The EDM industry has a reputation for inclusivity. From the origin of American techno clubs, which were designed to provide a safe space for the black queer community in Chicago, to the very first dub record, which was accidentally created in Jamaica, the wide-ranging genre owes much of its success to the black creatives that paved the way for its distinct creativity. Unfortunately, the demographics of electronic producers and DJs today are primarily made up of white men, something Watson is keenly aware of.
“Through my years of being involved in the EDM industry, I have definitely been a victim of some mistreatment and discrimination not only because of being a female but also potentially being a black female. It’s something that I do deal with and that I’m still dealing with today. Oftentimes I am the only black person on a lineup. There could be like ten women on the lineup, but I’m the only black one.”
That’s not to say there aren’t other black women making incredible electronic music. If you’re curious, Watson suggests doing your own research and finding black women who are breaking down the barriers of the genre. Two of her favorites in the industry are tech-house artist Honey Luv and downtempo trance-bass artist Canvas.

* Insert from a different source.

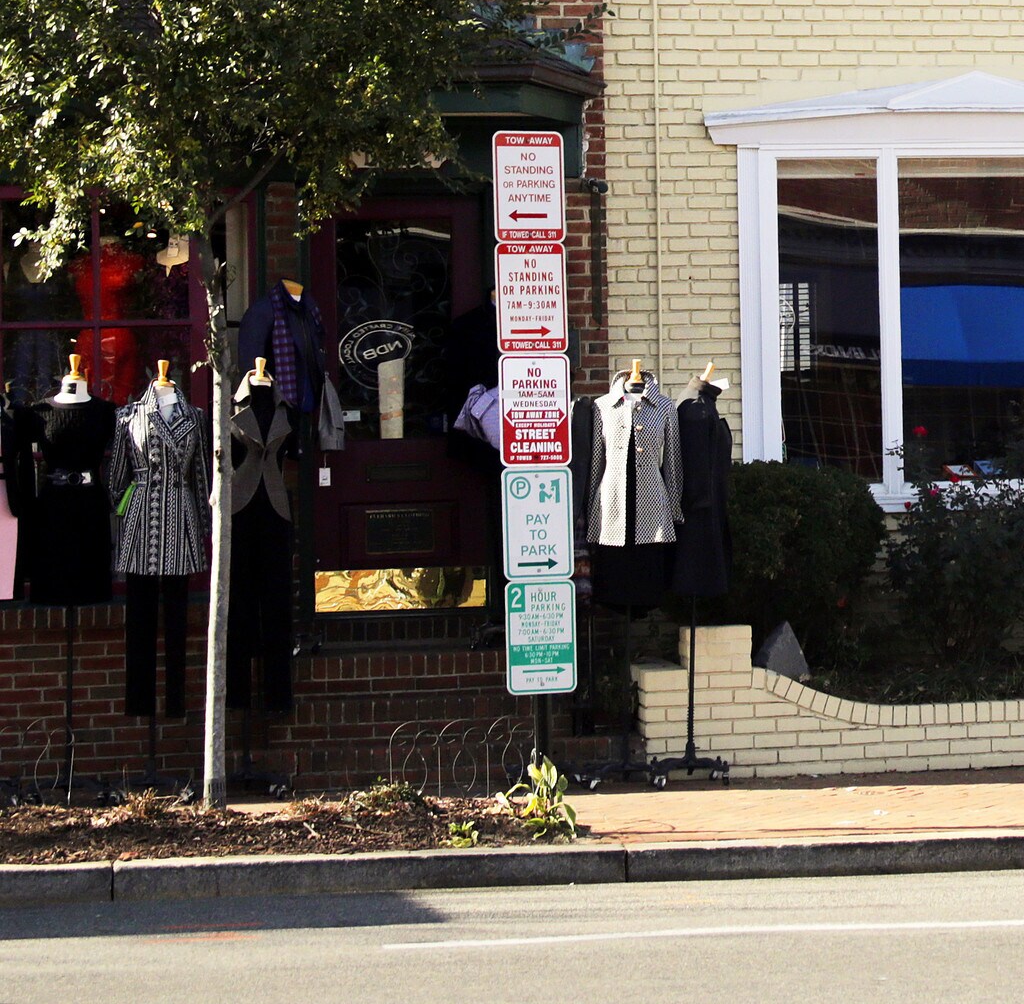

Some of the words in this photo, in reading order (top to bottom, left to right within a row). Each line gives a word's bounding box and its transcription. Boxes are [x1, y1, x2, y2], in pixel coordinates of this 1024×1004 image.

Pushing the boundaries of the electronic world is about more than just music. It’s about respecting the history and the culture. Artists like A Hundred Drums are defying expectations, giving a piece of themselves to the world through hypnotizing bass music and creating a spiritual experience, balancing the dark and light through sound and visuals. But that’s not enough. It’s time for the electronic industry to live up to its inclusive reputation and begin highlighting black and female artists across the sonic spectrum of creativity. Watson believes that starts with the promoters.
“Promoters are often booking what they know will sell, booking what they see is hot as opposed to taking time to find undiscovered talent and giving them a chance to shine. I feel like there’s a lot of that that is missing in this [industry], and if we did more of that on a larger scale, I think we’d have a bigger chance of seeing a lot more diversity in the scene.”
As she prepares for an extensive festival run this summer, fresh off the “SPIRAL” Tour with REZZ and a recent release with DJ Afterthought, she’s looking forward to a great year of explosive performances and collaborations with some of the industry’s most creative minds. One thing is for sure, you’ll be hearing a lot more about A Hundred Drums from here on out.